In 2018, he was inducted into the NASCAR Hall of Fame, becoming the second broadcaster to do so after Barney Hall. He was also inducted into the American Motorsports Hall of Fame, the Vermont Sports Hall of Fame, and the New England Auto Racers Hall of Fame.
For his services to motorsports media, he garnered various awards and distinctions, including the Squier-Hall Award for NASCAR Media Excellence, the Myers Brothers Award, and the Henry T. McLemore Award.
Ken Squier Net Worth and Personal Life
Ken Squier’s net worth was estimated to be around $10 million at the time of his death. He amassed his fortune through a long and prosperous career as a sportscaster, radio station owner, and racecourse owner. He also possessed a vintage automobile and motorcycle collection, which he frequently showcased at various events and shows.

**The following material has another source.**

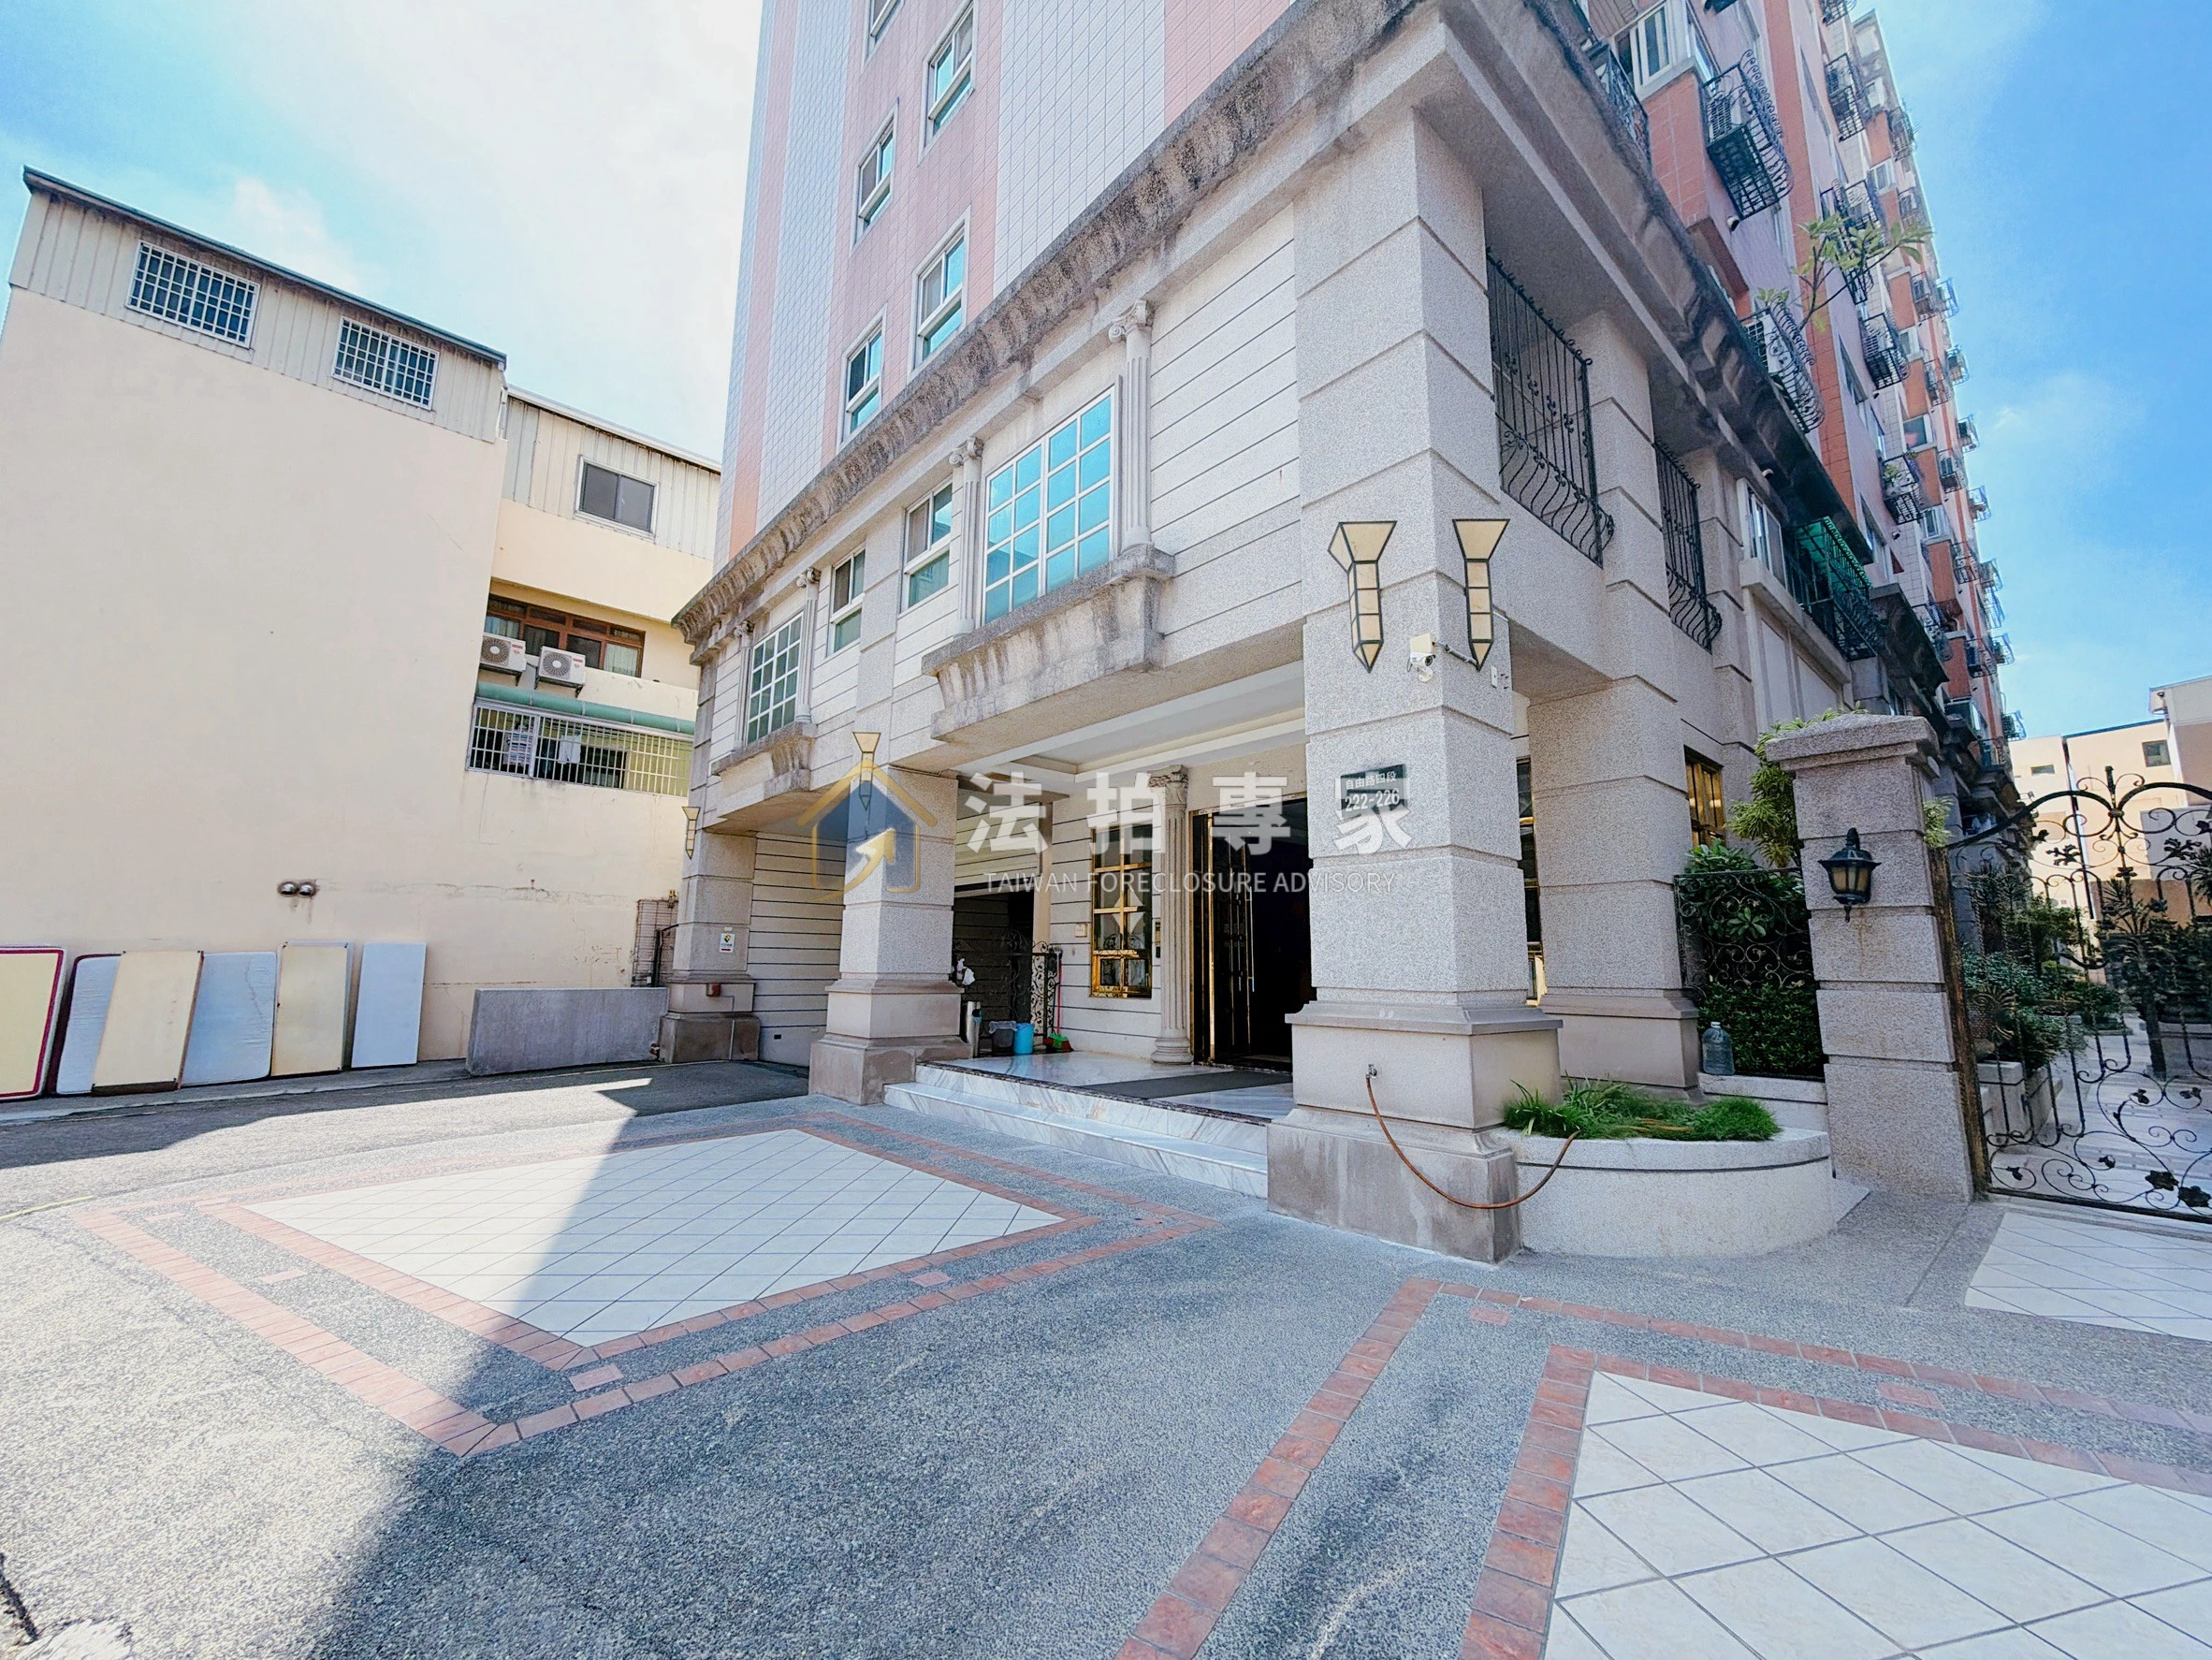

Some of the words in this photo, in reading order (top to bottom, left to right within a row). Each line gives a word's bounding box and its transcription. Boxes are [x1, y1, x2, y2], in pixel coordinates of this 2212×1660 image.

[1346, 771, 1397, 790] 自由路四段
[1345, 787, 1400, 812] 222-226

He had been married to Peggy for over 50 years until her death in 2016. They had two children: a son named David and a girl named Ashley. He had four grandchildren and two great-grandchildren as well. Until his death, he resided in Stowe, Vermont. He was a fervent Christian who supported numerous charity organizations, including the Victory Junction Gang Camp and the Make-A-Wish Foundation.
Ken Squier Height
Ken Squier was said to be 5 feet 10 inches (178 cm) tall. He had gray hair and blue eyes. He was of white ancestry and American nationality.
He enjoyed jazz music and played the saxophone. He also liked to ski, fish, and hike. He was a voracious reader and writer who wrote various books and essays about motorsports and other subjects. His contemporaries and fans appreciated and respected him for his professionalism, ethics, and passion.